Nein, das wird nicht mein Coming-Out. 😉 Und eigentlich habe ich das Gefühl, das Thema sei längst durch. Aber dann gibt es diese Momente, in denen ich mich tief ins letzte Jahrtausend zurückversetzt fühle. Welche Momente? Drei Beispiele:

  1. Die sogenannte Heiratsstrafe sollte per Abstimmung abgeschafft werden. So weit, so logisch. Nur hatte die CVP damals einen Passus in den Gesetzestext geschmuggelt, der die Ehe strikt zwischen Mann und Frau definierte. Darum verlor man die damalige Abstimmung. Nun wird sie eventuell wiederholt, weil die Informationen im Abstimmungsbüchlein nicht korrekt waren. Würde sie in dieser Form dann angenommen, wäre der Weg für die längst fällige Ehe für alle blockiert.
  2. Der Rahmen der Antirassismusstrafnorm soll weiter gefasst werden und künftig auch sämtliche sexuelle Orientierungen schützen. Generell kann man gegen dieses Gesetz sein, weil es die Meinungsäusserungsfreiheit einschränkt. In der Diskussion um die Erweiterung fällt aber auf, dass praktisch nur jene Parteien und Exponenten dagegen sind, denen Homosexuelle ein Dorn im Auge sind.
  3. Im Rahmen eines Promi-TV-Formats hat Sven Epiney «um die Hand seines Partners angehalten». (Anführungs- und Schlusszeichen, weil in der Schweiz eine Heirat aktuell nicht möglich ist) Der Hass dem das schwule Paar sich danach auf Social Media ausgesetzt sah, war laut Boulevardblatt Blick enorm.
  4. Ja, ich weiss, drei habe ich gesagt… Der Sultan von Brunei, der Schwule sogar steinigen lassen will, sei hier auch erwähnt. Es ist ziemlich offensichtlich, dass so etwas Wahnsinn ist.

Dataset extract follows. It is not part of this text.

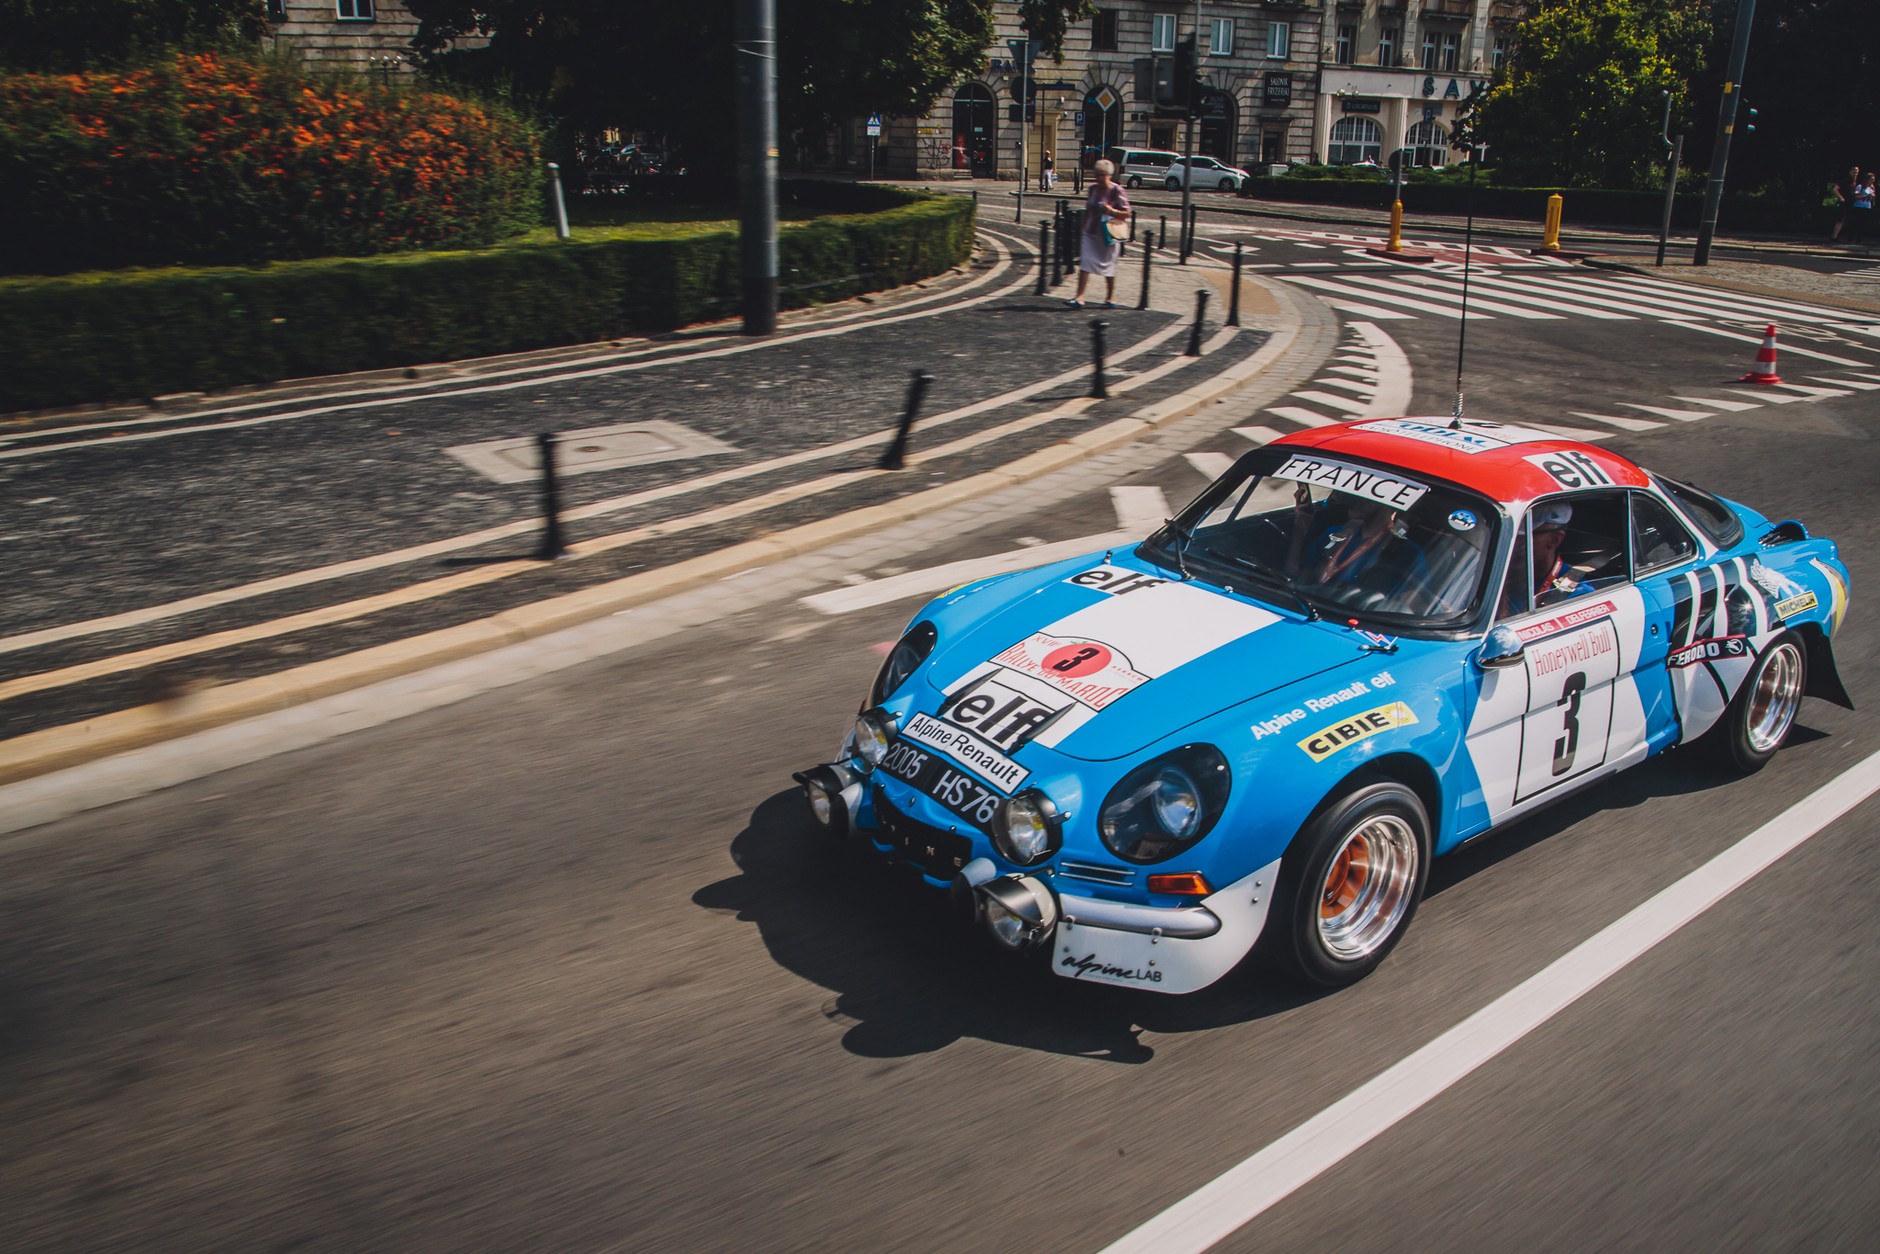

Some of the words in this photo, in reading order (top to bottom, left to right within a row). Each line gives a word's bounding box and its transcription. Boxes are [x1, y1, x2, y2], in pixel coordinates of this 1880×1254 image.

How hard can it be? Können wir uns nicht auf wesentliche Probleme – wie zum Beispiel den Klimawandel – konzentrieren und die Menschen lieben lassen, wen sie eben lieben? Irgendwie ist es mir fast ein wenig peinlich, 2019 noch einen Beitrag darüber schreiben zu «müssen».

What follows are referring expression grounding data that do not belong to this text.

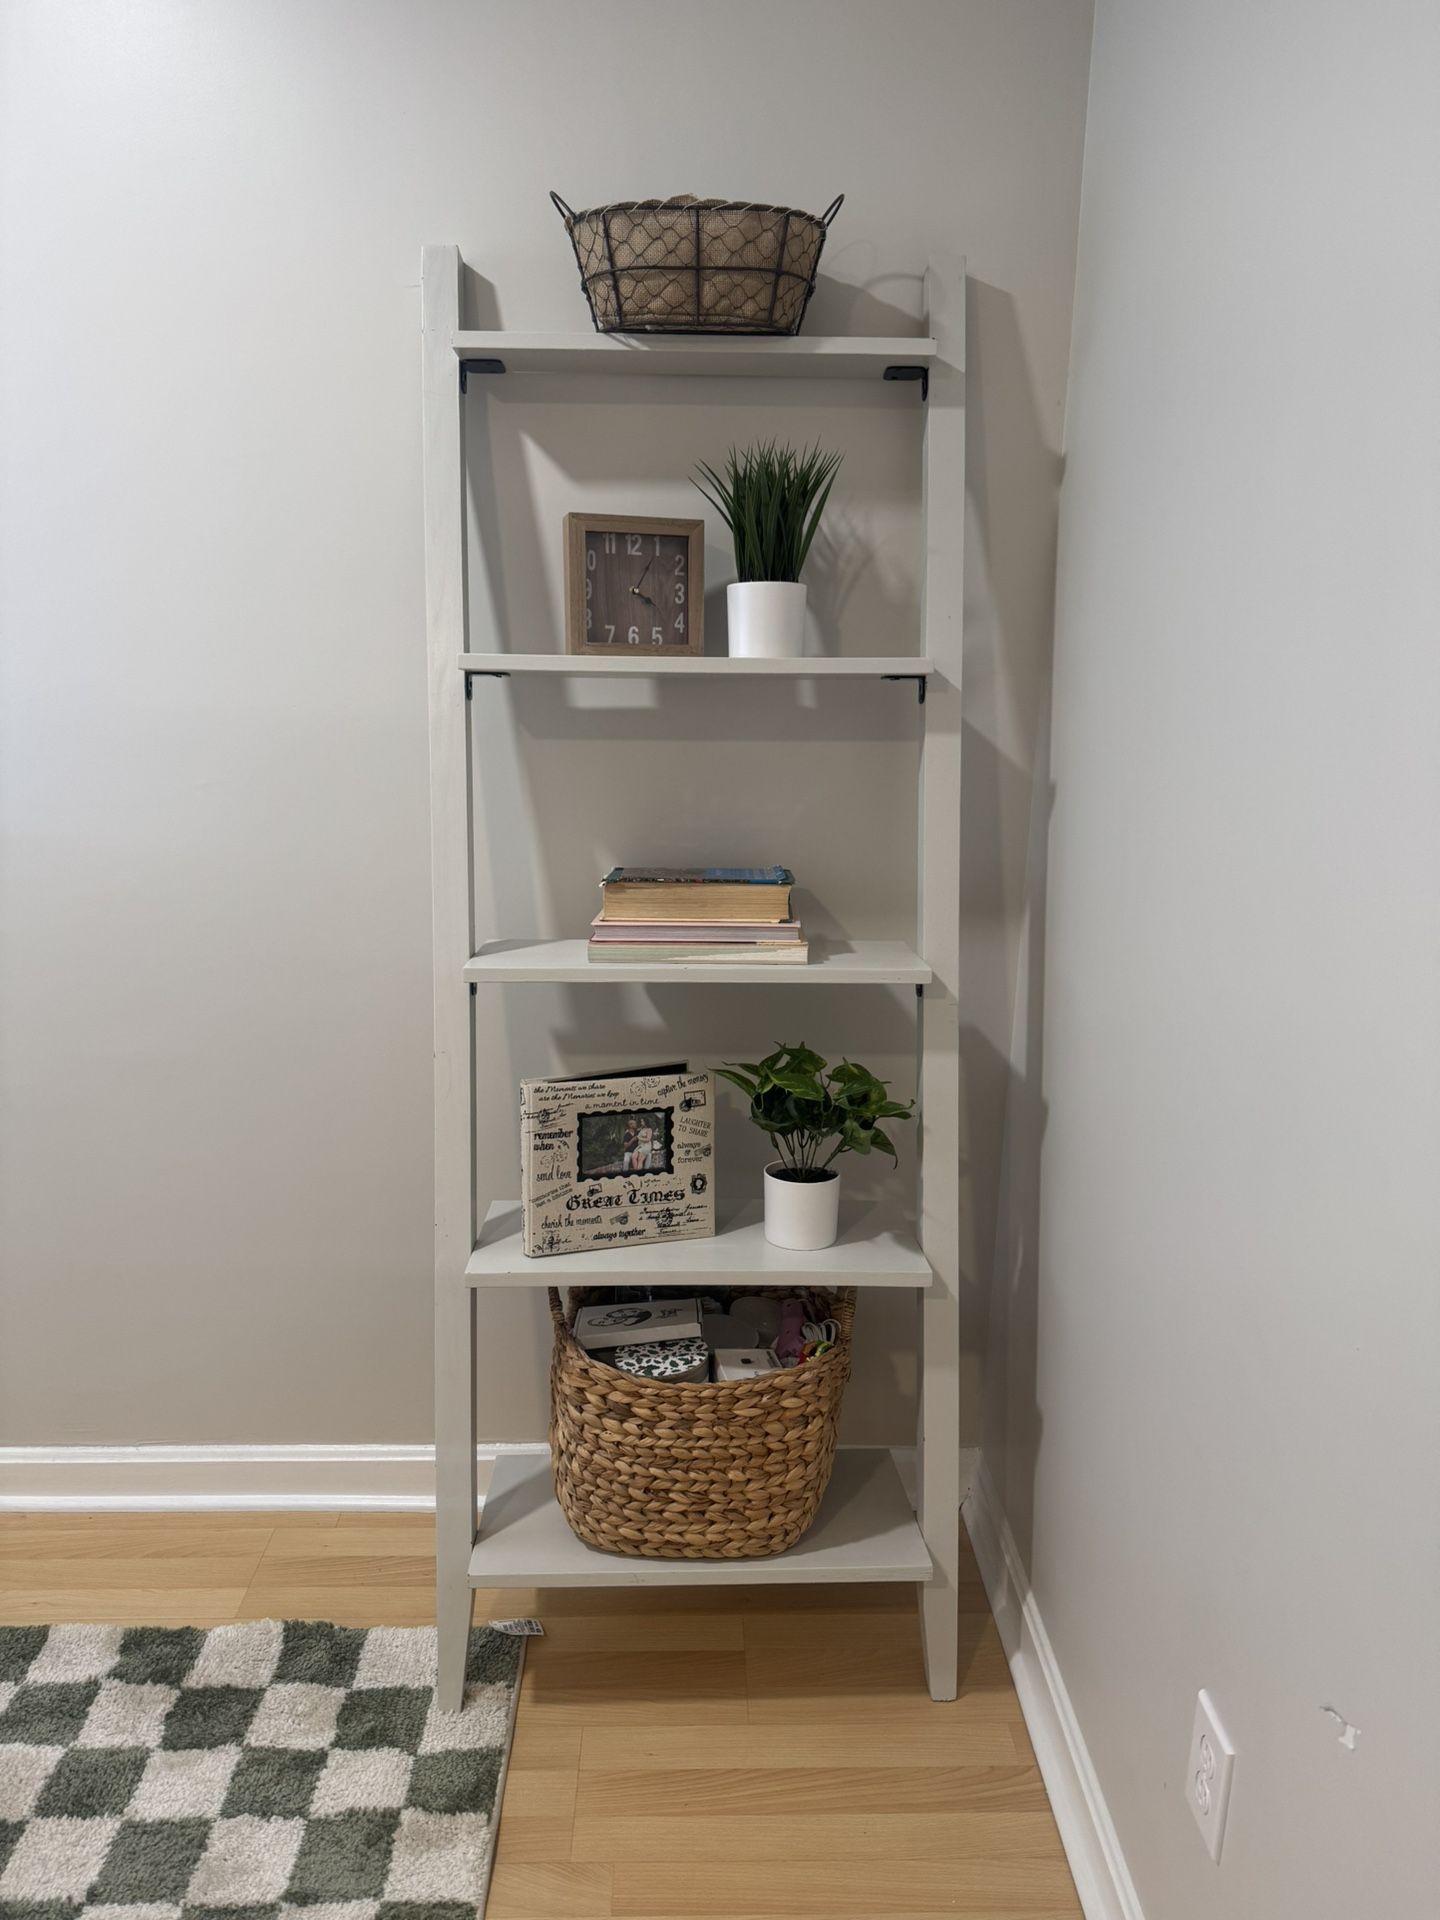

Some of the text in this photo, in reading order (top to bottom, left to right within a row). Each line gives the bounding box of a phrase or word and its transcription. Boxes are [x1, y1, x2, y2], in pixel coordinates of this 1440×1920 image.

[602, 533, 616, 554] 11
[625, 534, 642, 556] 12
[653, 536, 660, 556] 1
[674, 554, 685, 576] 2
[674, 583, 685, 604] 3
[674, 612, 685, 633] 4
[604, 624, 615, 643] 7
[628, 626, 639, 644] 6
[651, 626, 663, 645] 5
[593, 1099, 627, 1108] moment
[678, 1124, 709, 1137] TO SHARE
[680, 1116, 711, 1130] LAUGHTER
[534, 1128, 574, 1140] remember
[533, 1141, 555, 1151] when
[677, 1156, 703, 1164] forever
[541, 1214, 563, 1229] cherish
[564, 1213, 574, 1227] the
[592, 1227, 646, 1242] always together

Solange es (mindestens via Social-Media-Kommentare) einen Skandal auslöst, wenn ein Schwuler seinem Partner einen Antrag macht, so lange haben wir noch viel Arbeit vor uns. Und offenbar braucht es solche eigentlich ziemlich doofen Events, die uns als Gesellschaft nicht nur immer wieder zeigen, dass es Homosexualität gibt, sondern auch, dass sie völlig «normal» ist. Schwule Lehrer «machen» ebensowenig schwule Schüler, wie das Hören von George Michaels Faith schwul macht. Machen wir uns locker, akzeptieren die Vielfalt nicht nur, sondern geniessen sie. Bei letzterem sind vielleicht auch die Homosexuellen selbst angehalten, etwas offener zu werden. Nur wenn sie auch sichtbar sind, können sie jemals den angestrebten Status jener Belanglosigkeit erlangen, die jedes Heteropaar längst kennt. Zwei Männer schlendern händchenhaltend der Seepromenade entlang? So fucking what.

Schon beim Schreiben dieses Textes fällt mir auf, wie wenig Verständnis ich für die negativen Einstellungen gegenüber Homosexuellen habe. Mir ist es komplett egal, welche Frau mit welchem Mann ins Bett geht, warum sollte es mich dann stören, wenn es Frau und Frau oder Mann und Mann miteinander tun? Aus Erfahrung weiss ich, dass lesbische Frauen generell mit weniger Gegenwind zu kämpfen haben als schwule Männer. Und das wiederum liegt vor allem an uns Männern. Nicht selten habe ich den Satz gehört «Schwule sind mir doch total egal, aber die sollen mich einfach nicht anmachen». Lange habe ich nicht gecheckt, warum das so ein Problem sein sollte. Irgendwann stellte ich für mich dann aber die These auf, dass es von einer Spiegelung des jeweils eigenen Flirtverhaltens herkommen musste. Ja, wer selbst superflach flirtet und im Club seine Hände nicht bei sich behalten kann, der hat vielleicht etwas mehr «Angst» vor flirtenden Schwulen. Aber wessen Problem wäre das denn, wenn diese These zutrifft? Eben.